For now, the leases stay with the landlords — and the stores stay dark.
Side Voices

It was already bankrupt. Ruby wasn’t buying the company, just trying to rent the old Bay stores and rebrand them under her own chain.

HBC’s stores were leased, not owned. The pensions didn’t want to be locked into new deals with someone they didn’t choose. Ruby Liu wanted the leases, but they didn’t trust the business plan, so the court shut it down.
BSO Bottom Line
The Bay’s gone — and the landlords aren’t nostalgic. Retail nostalgia doesn’t pay rent.
Mark Carney: The 2025 Asia Tour
After Trump’s 10% tariff hike and Doug Ford’s Reagan remix ad sent trade talks crashing, Mark Carney flew east. The trip was already planned — but now it’s become an economic stress test: can Canada survive without leaning on the U.S.?
His target: double non-U.S. exports by 2035, worth C$300B in new trade. The Asia tour is his first big swing at that goal.
The China Reset
The trickiest stop is South Korea, where Carney’s meeting Xi Jinping for the first serious Canada–China talks in years.
Trade between the two stalled in 2022, frozen by tariffs and politics — Beijing hit Canadian barley and seafood, Ottawa hit Chinese EVs and tech. Now, Carney’s trying to thaw it just enough to reopen markets without rattling Washington.
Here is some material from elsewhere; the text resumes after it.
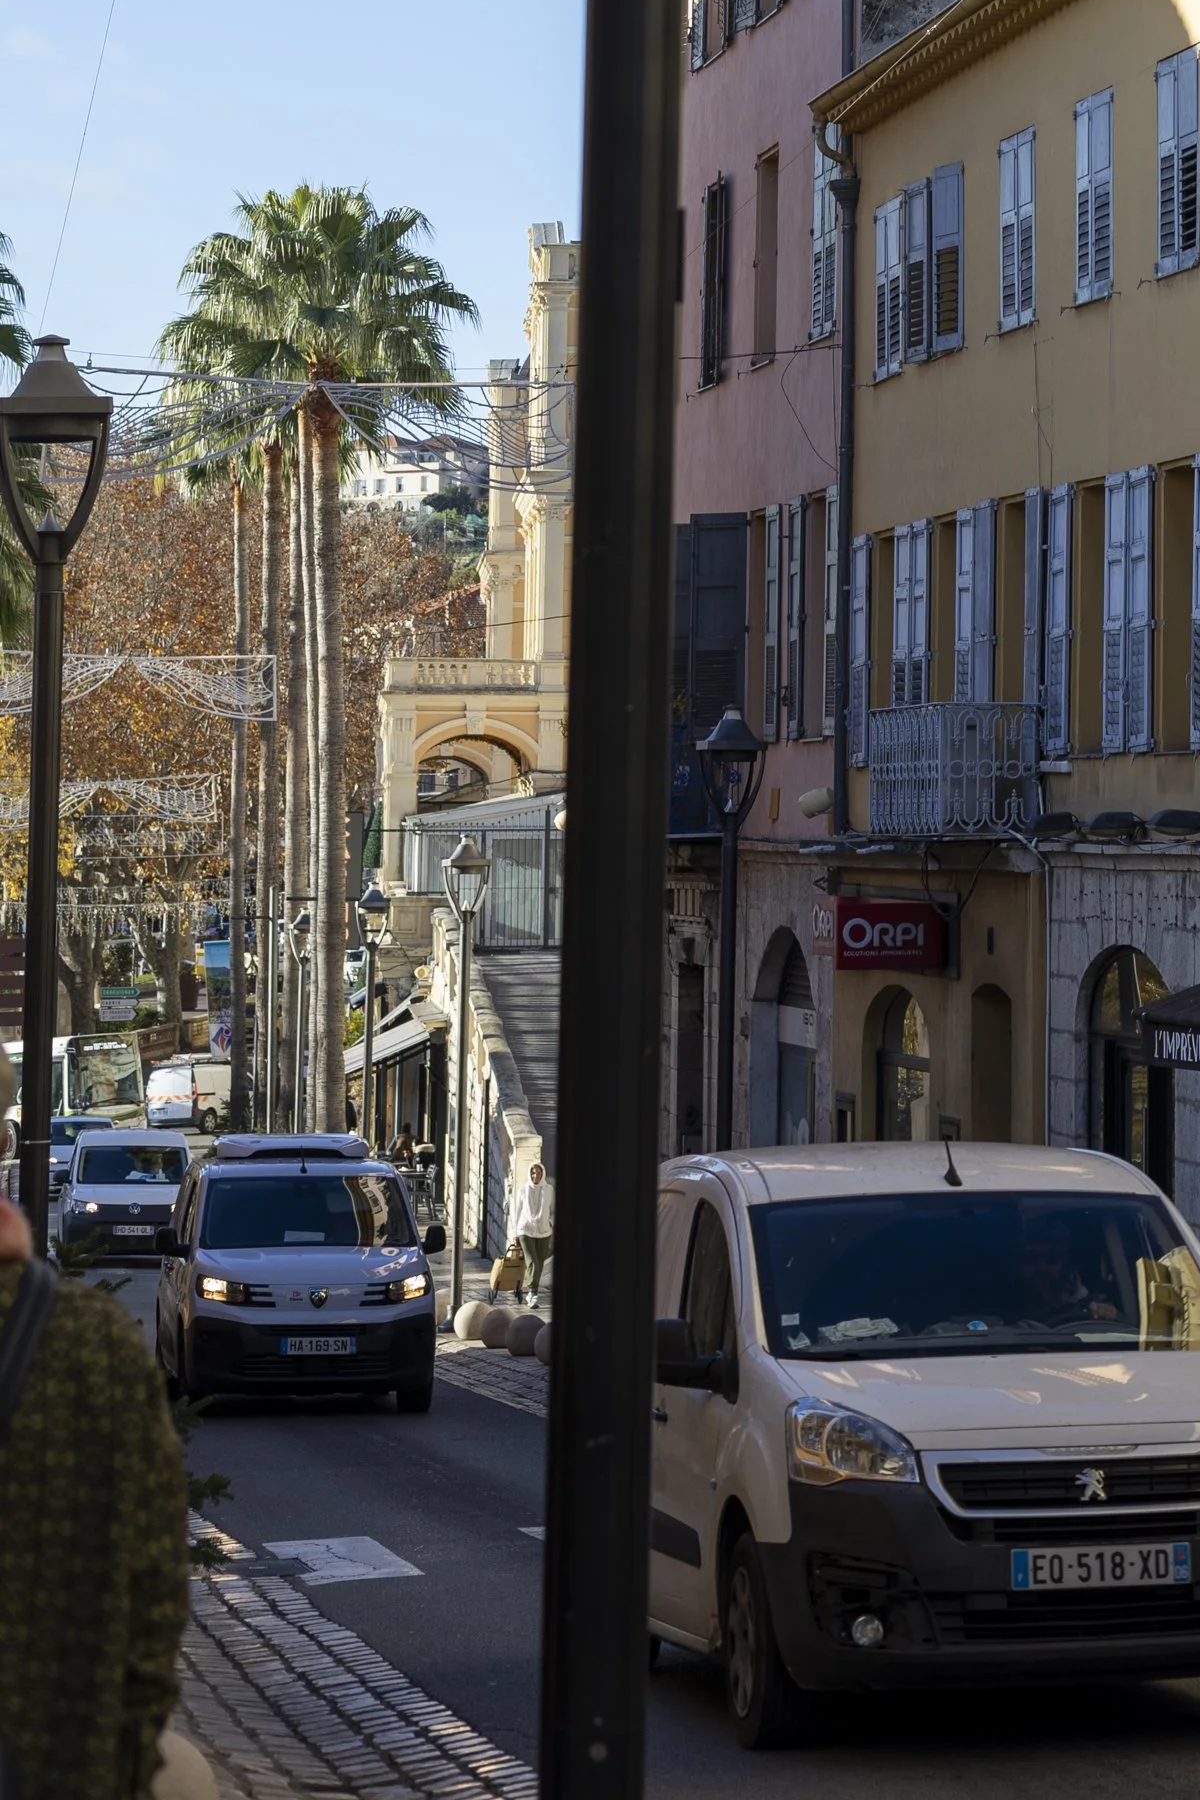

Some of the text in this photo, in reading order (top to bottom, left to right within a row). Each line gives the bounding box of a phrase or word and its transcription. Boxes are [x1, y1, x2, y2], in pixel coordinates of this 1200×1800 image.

[842, 917, 924, 949] ORPI
[843, 949, 879, 957] SOLUTIONS
[289, 1339, 348, 1352] HA-169-SN
He’ll push for agriculture, fish, and manufacturing access, pitching Canada as a steady, rules-based supplier in a world of tariff tantrums.
Too friendly, and Trump lashes out. Too cold, and China keeps Canada locked out. Either way, it’s a narrow lane.
Beyond the Photo-Ops
Behind the handshakes, this is the first real test of Carney’s diversification plan.
Energy: Partnering with Malaysia and the Philippines on LNG, nuclear, and renewables — with Petronas (already in LNG Canada) at the center.
Infrastructure: A new fast-track approvals office for “projects of national interest” — mines, pipelines, export terminals.
Prince Rupert: Canada’s quiet ace. The west-coast port is expanding C$3B in capacity — the shortest route to Shanghai, poised to handle 65M tons within five years. If Carney’s plan works, it becomes the hinge between Alberta’s resources and Asia’s demand.

Side Voices

Always gotta love the arguments in the comment section. 🍿
BSO Bottom Line
Carney’s trip isn’t about photo ops — it’s about finding lifeboats before Trump sinks the trade ship.
Down By the Bay
Mid-market move. Scotiabank is quietly building a mid-market M&A team to chase sub-C$500M deals. Instagram breakdown here
Wall Street imports. Scotiabank poached Young Kim from RBC and Pete Barna from Citi to lead U.S. equity capital markets under Michelle Khalili. The hires signal Scotia’s latest push to scale its ECM franchise south of the border. Instagram breakdown here
Changing guard. Victor Dodig is wrapping up his decade-long run as CIBC CEO, marking one of his final public appearances at the Canadian Club on Oct. 27. A new era at the bank starts next week.
Coming Up Next
Oct. 29 — Canadian Club Lunchtime Forum – Mirko Bibic, President & CEO of BCE Inc. and Bell Canada, takes the stage at the Fairmont Royal York from 11:45 a.m.–1:30 p.m. to discuss “building the next generation of nation-defining infrastructure.”
Earnings Shelf — Week of Oct. 28 – Busy tape ahead:
TMX Group – Reported Oct 27
Gildan Activewear – Reports Oct 29 (Before Market Open).
Canadian Pacific Kansas City – Reports Oct 29 (After Close).
Cogeco Inc., Algoma Steel Group, Restaurant Brands International, Magna International, and CN Rail – all slated to release Q3 results later this week.